Becoming a Leader at NASA

Marcellus Proctor oversees major space projects

2 min read

A man standing in a parking lot with cars and a building with the NASA logo and an american flag on it.
Marcellus Proctor

"Growing up in the Bowie, Md., area, whenever we drove by NASA's Goddard Space Flight Center, I told my parents that I would work there someday," recounts Proctor, who is now an associate chief at Goddard for NASA's Electrical Engineering Division (EED).

Originally, Proctor was focused on astronomy, but during high school at an engineering exploration summer program he solved "a resistor equivalence problem that nobody else in the class had gotten [and] the instructor recommended I look at electrical engineering as a career instead." He got a master's in EE from Johns Hopkins University. "I started working at Tracor Systems (now part of BAE Systems) in their Standard Missile Program," recalls Proctor. "In 2001, after three years there, an opening at Goddard became available. I applied...and I've been there ever since."

Today, as an associate chief in the EED—one of six senior leaders in the division—Proctor manages the EED's operational budget, and also oversees a major support contract, the Electrical Systems Engineering Services contract. The EED's portfolio includes the Magnetospheric Multiscale (MMS) Mission, International Space Station Cosmic Ray Energetics And Mass (ISS-CREAM), and Neutron star Interior Composition ExploreR (NICER) .

"We have about 300 civil servants and 300 contractors," says Proctor. "We design, prototype, test, and build flight-production units of electronic boards and power systems. This includes reliability testing like making sure that boards are radiation-hardened—or, for the Webb Telescope, vibration-testing the mirror. We usually do the electronic systems overview of a spacecraft and integration and testing for the craft and subsystems. And we do communications for the spacecraft and ground networks."

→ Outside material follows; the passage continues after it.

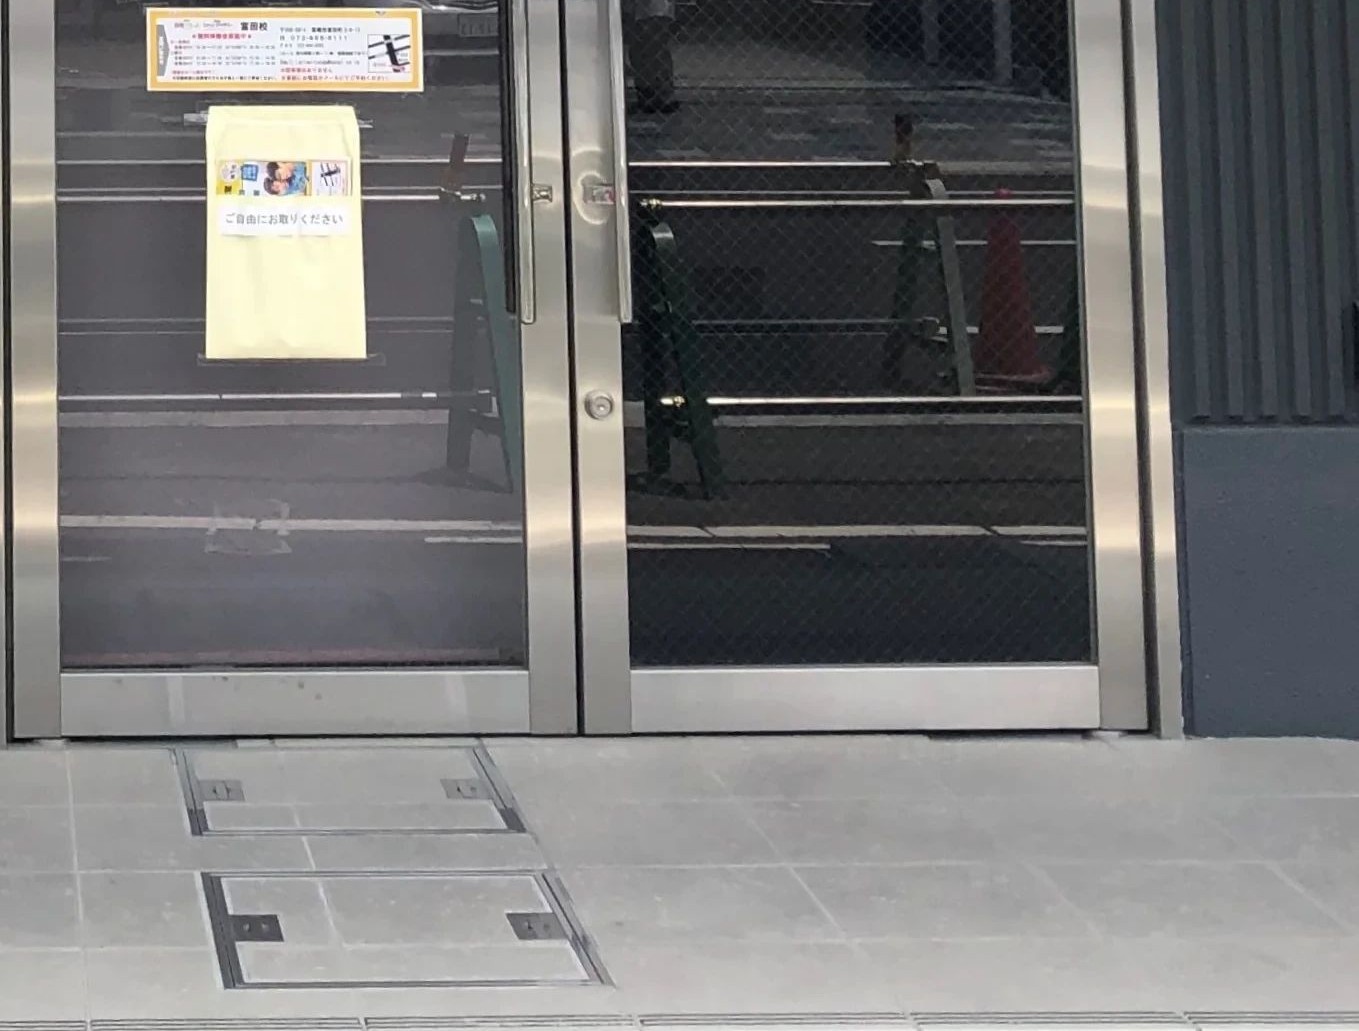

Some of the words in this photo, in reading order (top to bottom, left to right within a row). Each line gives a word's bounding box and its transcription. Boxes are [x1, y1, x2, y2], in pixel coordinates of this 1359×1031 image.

[225, 212, 344, 226] ご自由にお取りください

If you'd like to follow Proctor into space engineering, "you need to take some types of internships," recommends Proctor. "Among other things, this will tell you what you do and don't like. And don't be afraid to reach out to people, especially in the aerospace industry. Introduce yourself and say, I have questions. Do you have someone who will talk with me or mentor me in the field? You'd be surprised how many will share time."

Also: "It's essential to link with industry to get the latest technologies and work with our scientists to incorporate these developments and methods in our designs. For example, 3D printing to build our circuit boards in-house and less expensively; chip design and manufacturing to make smaller parts and boards that fit into CubeSats...and finding ways for smaller, more compact chips that can do multiple functions while meeting size and power constraints."

As a Native American, says Proctor—a member of the Piscataway-Conoy Tribe—"I'd like to see more Native Americans at NASA. I think we bring a unique perspective to space."

"We get recruits through the American Indian Science and Engineering Society (AISES) and the Society of American Indian Government Employees (SAIGE). We have internship opportunities and try to recruit through AISES, and we do career fairs to get high school and college students into STEM/STEAM fields."

Working at NASA can have its perks, Proctor notes. "I got to attend a launch of the MMS spacecraft at Cape Canaveral—at night, with no clouds. It was amazing."

This article appears in the November 2021 print issue as "Marcellus Proctor."